Movie Review: Hacksaw Ridge

by Scott Robinson

 

4/5 Stars

 

Hacksaw Ridge tells the true, inspirational story of World War 2 veteran Desmond Doss, a conscientious objector who saved the lives of 75 men during the battle of Okinawa.

Doss, a member of the Seventh-day Adventist Church, is against killing and refuses to touch a gun, instead he insists on saving lives by serving as a medic on the battle field. Staying true to his convictions, Doss rushes courageously into the bloodbath of Okinawa with nothing but his medical equipment at his side and a Bible tucked in his chest pocket.

The first half of the movie shows events in his life leading up to his enlistment in the army. Although it is reminiscent of other similar biopic movies, the first act is well-paced, heartfelt, and entertaining.

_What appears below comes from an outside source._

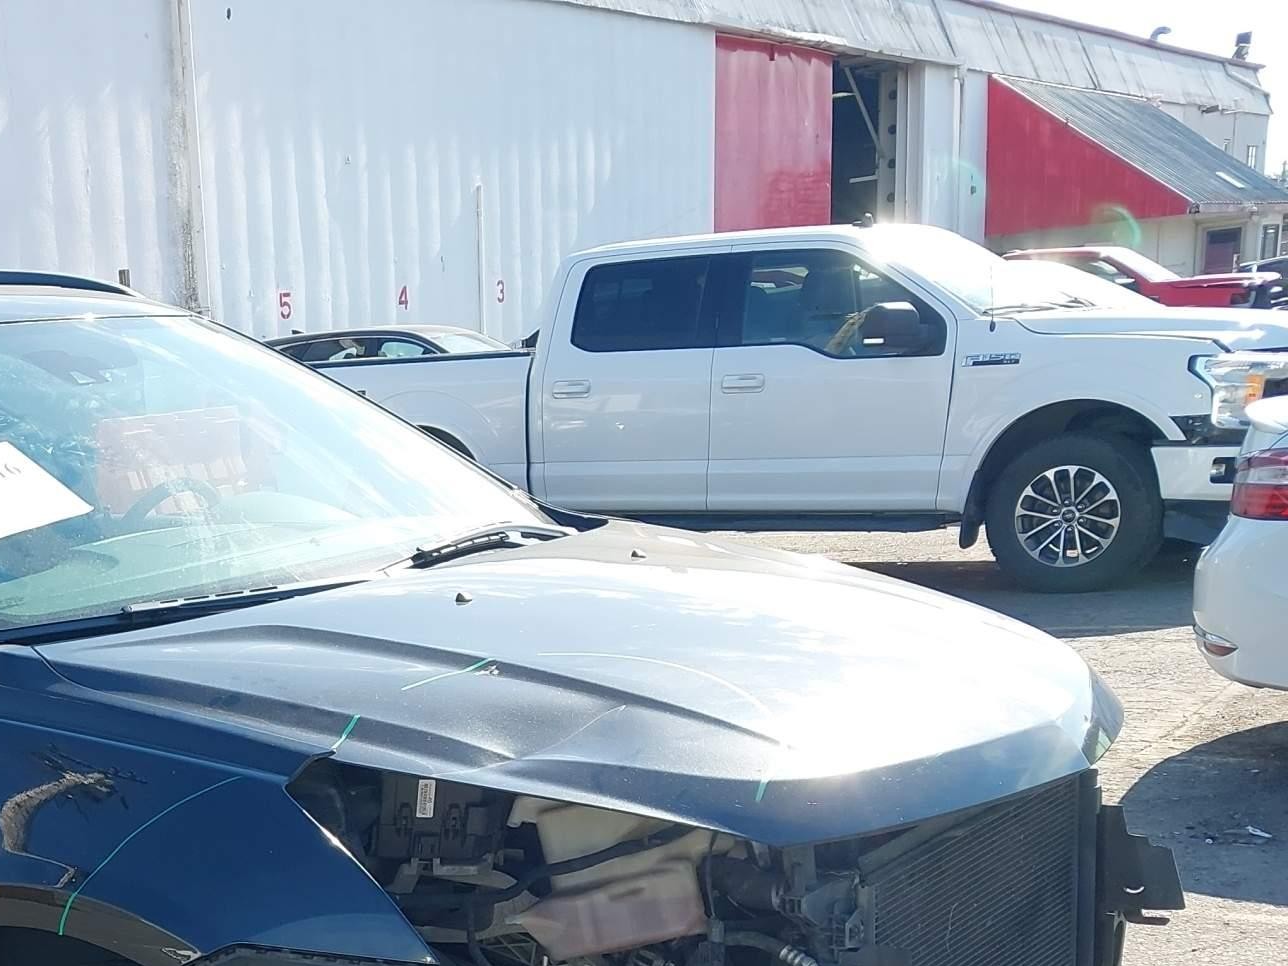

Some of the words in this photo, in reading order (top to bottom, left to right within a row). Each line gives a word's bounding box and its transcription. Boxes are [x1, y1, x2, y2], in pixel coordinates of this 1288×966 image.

[398, 285, 409, 310] 4
[496, 280, 505, 303] 3
[279, 292, 292, 319] 5

The second half of the movie illustrates the battle of Okinawa in gruesome detail. The violent, suffocating, and deafening war scenes are skillfully shot and executed to present a very realistic view of war.

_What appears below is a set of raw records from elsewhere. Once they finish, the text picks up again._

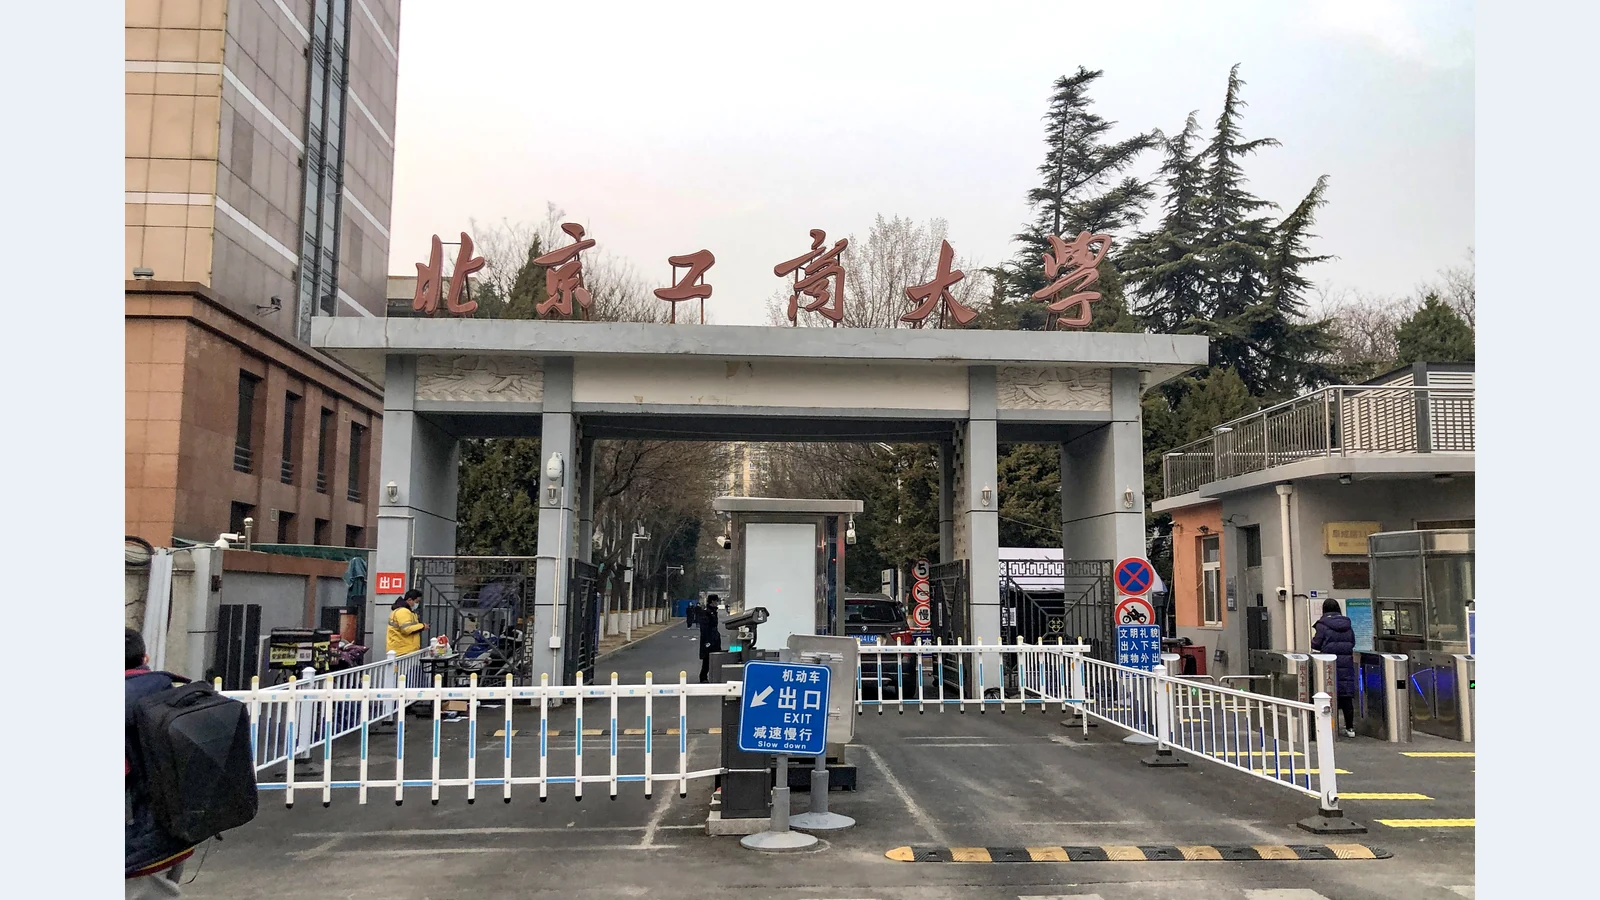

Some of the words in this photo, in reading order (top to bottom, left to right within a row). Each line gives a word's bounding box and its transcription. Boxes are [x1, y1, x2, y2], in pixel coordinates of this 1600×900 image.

[918, 564, 927, 576] 5
[380, 576, 402, 589] 出口
[919, 609, 930, 621] 慢
[1120, 628, 1159, 639] 文明礼貌
[1121, 640, 1159, 651] 出入下车
[1120, 653, 1159, 664] 携物外出
[782, 669, 821, 684] 机动车
[777, 686, 821, 710] 出口
[783, 713, 812, 724] EXIT
[753, 726, 812, 742] 减速慢行
[784, 742, 806, 750] down

The tremendous courage and faith of Desmond Doss is brought to light when his pacifistic views are forced to coexist with the horrors of the battlefield.

Desmond Doss is played by Andrew Garfield (The Amazing Spider-man). Garfield’s likable, innocent, and sometimes quirky charisma paired with a southern twang make for an extremely engaging character. Garfield’s emotion-filled acting successfully draws us in, allowing us to vividly experience each emotion along with his character.

Besides being a truly riveting piece of cinema, at its core, Hacksaw Ridge is a powerful and inspirational movie about a man who held fast to his personal convictions and faith in God even when tested by the fires of war.